We recently found out (thanks to junior QA) that new list experience simply ignores security bit setting on list. I did some tests and I can confirm this on SharePoint Online. Below, you can find full details and repro steps with code.

 

Can anyone contact Microsoft or push this issue higher? It's rather large critical.

 

Issue:

When using "New Lists Experience" user can recycle items, even without having rights to do so.

 

Repo steps:

1. Create Custom List, break roles; add few users as a contributors (for example user A, and user B)

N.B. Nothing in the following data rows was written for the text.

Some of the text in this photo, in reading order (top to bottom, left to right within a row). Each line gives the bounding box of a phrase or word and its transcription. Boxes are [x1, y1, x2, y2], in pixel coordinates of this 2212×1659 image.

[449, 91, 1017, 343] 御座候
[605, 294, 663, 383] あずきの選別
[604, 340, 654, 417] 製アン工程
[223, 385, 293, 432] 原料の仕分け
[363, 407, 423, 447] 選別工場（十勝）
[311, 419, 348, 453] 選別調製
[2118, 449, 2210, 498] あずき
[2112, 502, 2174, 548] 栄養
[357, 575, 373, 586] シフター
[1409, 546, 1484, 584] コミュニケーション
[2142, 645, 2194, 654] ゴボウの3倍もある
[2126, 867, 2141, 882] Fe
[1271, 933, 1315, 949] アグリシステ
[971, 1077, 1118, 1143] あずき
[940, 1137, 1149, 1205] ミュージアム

2. Go to list settings, advances settings, set "Item Level Permissions" (so called security bits) to:

 - <check> Read All Items

 - <check> Create items and edit items that were created by the user

3. Create few items as User A

4. Login as User B, go to default list view

5. Make sure you are using new list experience

6. select item from User A

7. Click delete (confirm).

8. Item have been deleted sucessfully.

 

Detailed explanation:

New list experience is using REST API - sending a POST call to "/_api/web/GetFileByServerRelativePath(DecodedUrl=@a1)/recycle?@a1='/<relative_list_url>/<item_id>_.000'", which is clearly a file-recycle method. As far as I remember, you cannot specify security bits on document libraries, so method author didn't bother with security check...

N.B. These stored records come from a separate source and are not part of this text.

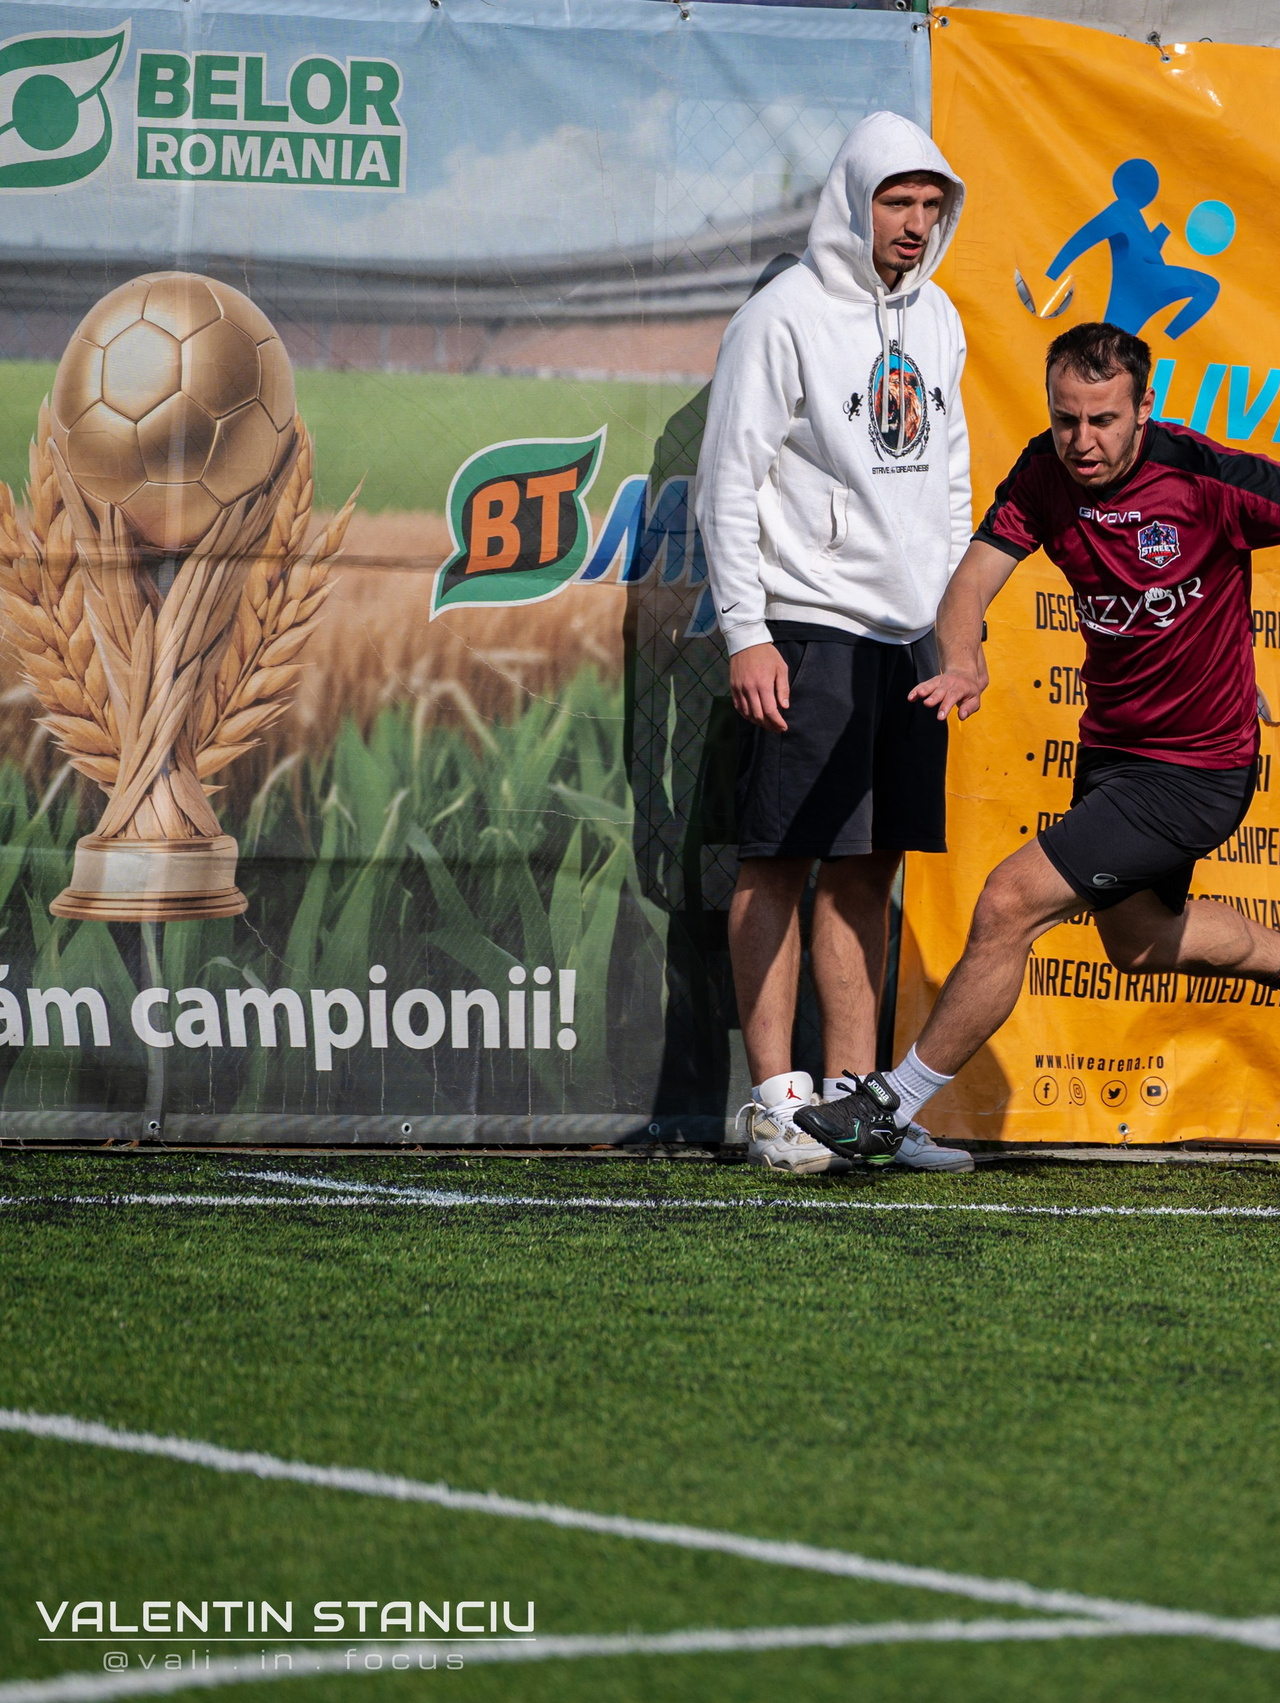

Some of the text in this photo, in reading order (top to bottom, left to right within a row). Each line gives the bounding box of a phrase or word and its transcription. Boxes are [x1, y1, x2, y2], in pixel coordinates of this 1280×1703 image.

[137, 53, 401, 126] BELOR
[145, 133, 391, 181] ROMANIA
[465, 467, 578, 575] BT
[1079, 506, 1141, 523] GIVOVA
[1141, 544, 1176, 557] STREET
[131, 964, 578, 1072] campionii!
[1035, 1053, 1164, 1073] www.livearena.ro

I have checked following methods (APIs) and both of them return forbidden error:

JSOM - list.getItemById(15).recycle()

REST LIST API: _api/web/lists/GetByTitle('title')/items(15)/recycle()

 

Code with examples:

(just make sure to run it on chrome because i have used fat arrow operator; remember change SharePoint Online URL as well)

 

https://pastebin.com/rj25pjMw

 

Regards!

5 Replies
Highlighted

Seriously Microsoft? No one cares?

 

 

Highlighted

Almost 2 months have passed. Is there an update to this from either OP or Microsoft?

Highlighted
Has anyone filed a formal ticket? Either O365 or ideally premier?
Highlighted

Looks like it is fixed on our tenants.